A lista de manifestações do património cultural intangível de interesse relevante para a RAEM recomendadas pelo IC para inscrição na Lista do Património Cultural Intangível esteve em consulta pública entre 4 de Dezembro de 2024 e 2 de Janeiro do corrente ano, com a maior parte das opiniões a apoiar a inscrição da dança folclórica portuguesa.
Segundo o IC, quando da apresentação da lista, o perfil dos praticantes da dança folclórica portuguesa tornou-se “muito mais diversificado”, transformando-se gradualmente num símbolo cultural típico de Macau. “Grupos de dança folclórica portuguesa são convidados para participarem em celebrações e feriados tradicionais de Macau, bem como também em muitos eventos e intercâmbios de grande escala no estrangeiro, aonde têm a oportunidade de representar Macau”, referiu o documento.
De acordo com o IC, a abordagem prática e o significado cultural da dança folclórica portuguesa local constituem uma manifestação da fusão das culturas portuguesa e chinesa e incluem também influências de outras comunidades locais, algo que reflecte o “legado e a interpretação local da arte e cultura portuguesas pelos residentes de Macau e pela comunidade macaense”.
“A dança folclórica portuguesa local reflecte o valor da multiculturalidade de Macau, bem como a integração e amizade entre as culturas chinesa e portuguesa, sendo uma manifestação cultural relevante sobre a cultura típica de Macau”, destaca o organismo.
Criar as condições certas
Para Paulo Costa, coordenador do Grupo de Danças e Cantares de Macau (GDCM), a possibilidade de a dança folclórica portuguesa ser inscrita como património cultural intangível é “positiva” para a RAEM, mas é preciso criar as condições para preservar este tipo de manifestação cultural.

O GDCM foi fundado em 2003 e, segundo Paulo Costa, nasceu para ser “o beneficiário histórico e cultural do Grupo de Danças e Cantares do Clube de Macau, originalmente criado em 1991”. Com 34 anos de existência, tendo em consideração a organização que o antecedeu, “o GDCM tem promovido a cultura tradicional portuguesa e a herança macaense através das suas danças, músicas e cantares, e conta actualmente com mais de 300 membros, embora apenas cerca de 60 sejam activos em Macau”.
O mesmo responsável explica que, ao contrário de muitos grupos de folclore português estabelecidos na diáspora, que usualmente se focam numa região específica de Portugal, “o GDCM optou desde o início por representar temas de todo o país, incluindo as ilhas dos arquipélagos da Madeira e dos Açores”. A associação dispõe de um vasto repertório, acompanhado de um cancioneiro que resulta de recolhas feitas em Portugal no início dos anos 1990.
No entanto, os esforços de preservação da dança folclórica portuguesa na região, segundo Paulo Costa, enfrentam dificuldades. “A preservação é feita essencialmente por carolice”, refere.
Embora exista algum interesse por parte da comunidade portuguesa, o coordenador do GDCM afirma que o nível de interesse está ainda aquém do esperado.
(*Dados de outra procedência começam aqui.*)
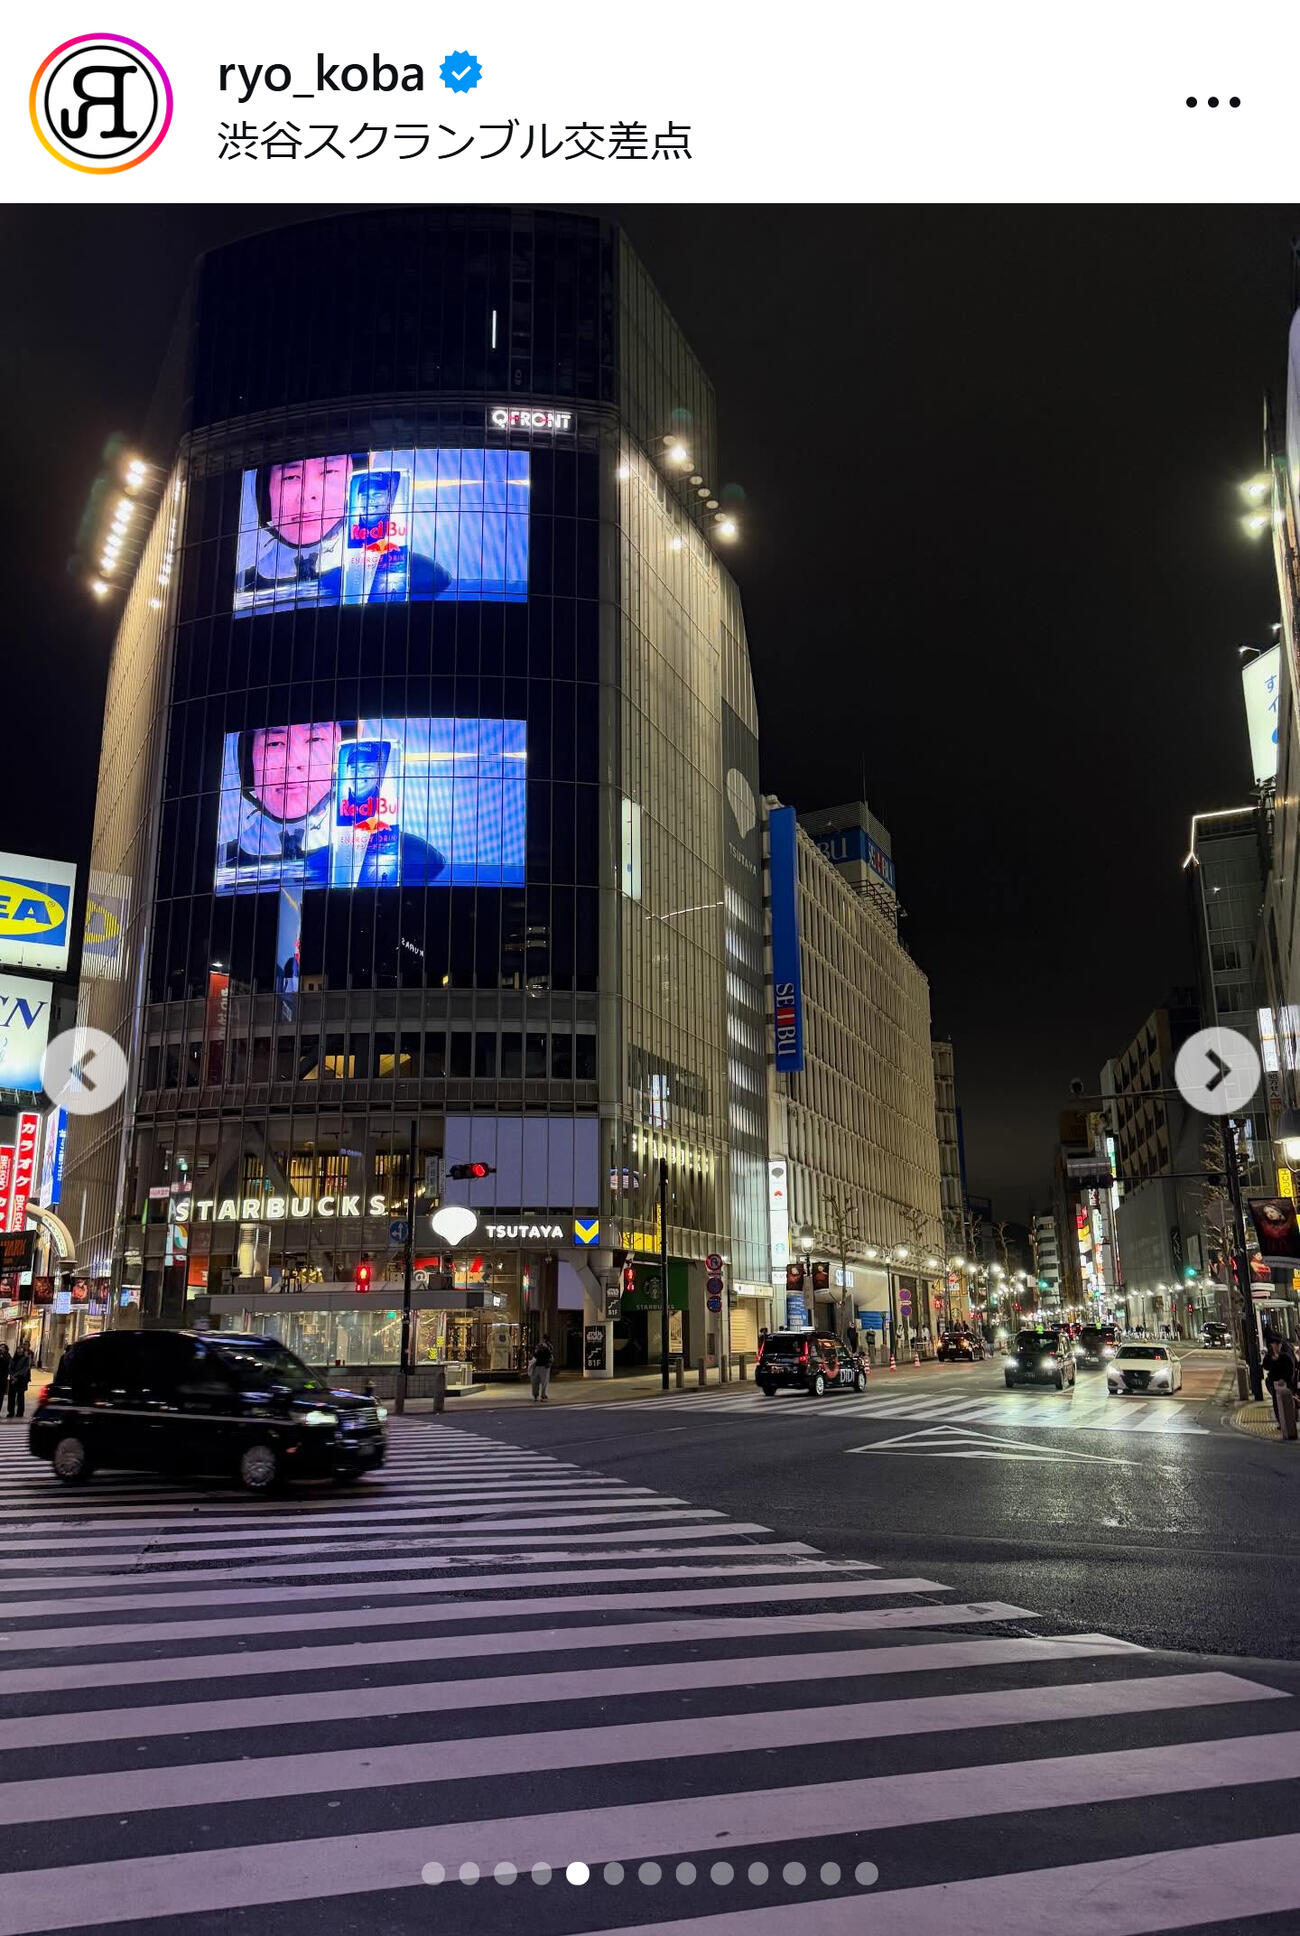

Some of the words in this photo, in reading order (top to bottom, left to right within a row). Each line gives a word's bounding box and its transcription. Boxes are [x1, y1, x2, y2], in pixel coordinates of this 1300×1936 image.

[350, 521, 383, 540] Red
[339, 797, 373, 816] Red
[729, 842, 757, 878] TSUTAYA
[776, 982, 796, 1056] SEIBU
[15, 1122, 36, 1188] カラオケ
[1281, 1170, 1291, 1197] OUCH
[15, 1194, 25, 1211] BIG
[175, 1195, 386, 1222] STARBUCKS
[485, 1225, 564, 1239] TSUTAYA
Curiosamente, observa, “a comunidade mais aderente é a de jovens filipinos estudantes em várias escolas e universidades”.
Os principais desafios na promoção da dança folclórica portuguesa incluem a concorrência e a qualidade das apresentações, pois Paulo Costa avisa que “a falta de conhecimento leva a uma diminuição da qualidade”. No entanto, as actuações continuam a ser uma escolha popular em Macau. “O GDCM tem colaborado com instituições como o Instituto Português do Oriente, a Universidade de Macau e a Universidade Politécnica de Macau”, realça.
Atrair os jovens
Ana Manhão, presidente do grupo de danças folclóricas “Macau no Coração”, fundado em 2006, diz haver um crescente interesse pela dança folclórica portuguesa por parte da comunidade chinesa, mas destaca que o número de membros do grupo tem diminuído devido a factores relacionados com a vida profissional e os estudos das pessoas envolvidas. A inscrição da dança folclórica portuguesa na Lista do Património Cultural Intangível, adianta, pode trazer mais atenção e, eventualmente, apoios ao sector.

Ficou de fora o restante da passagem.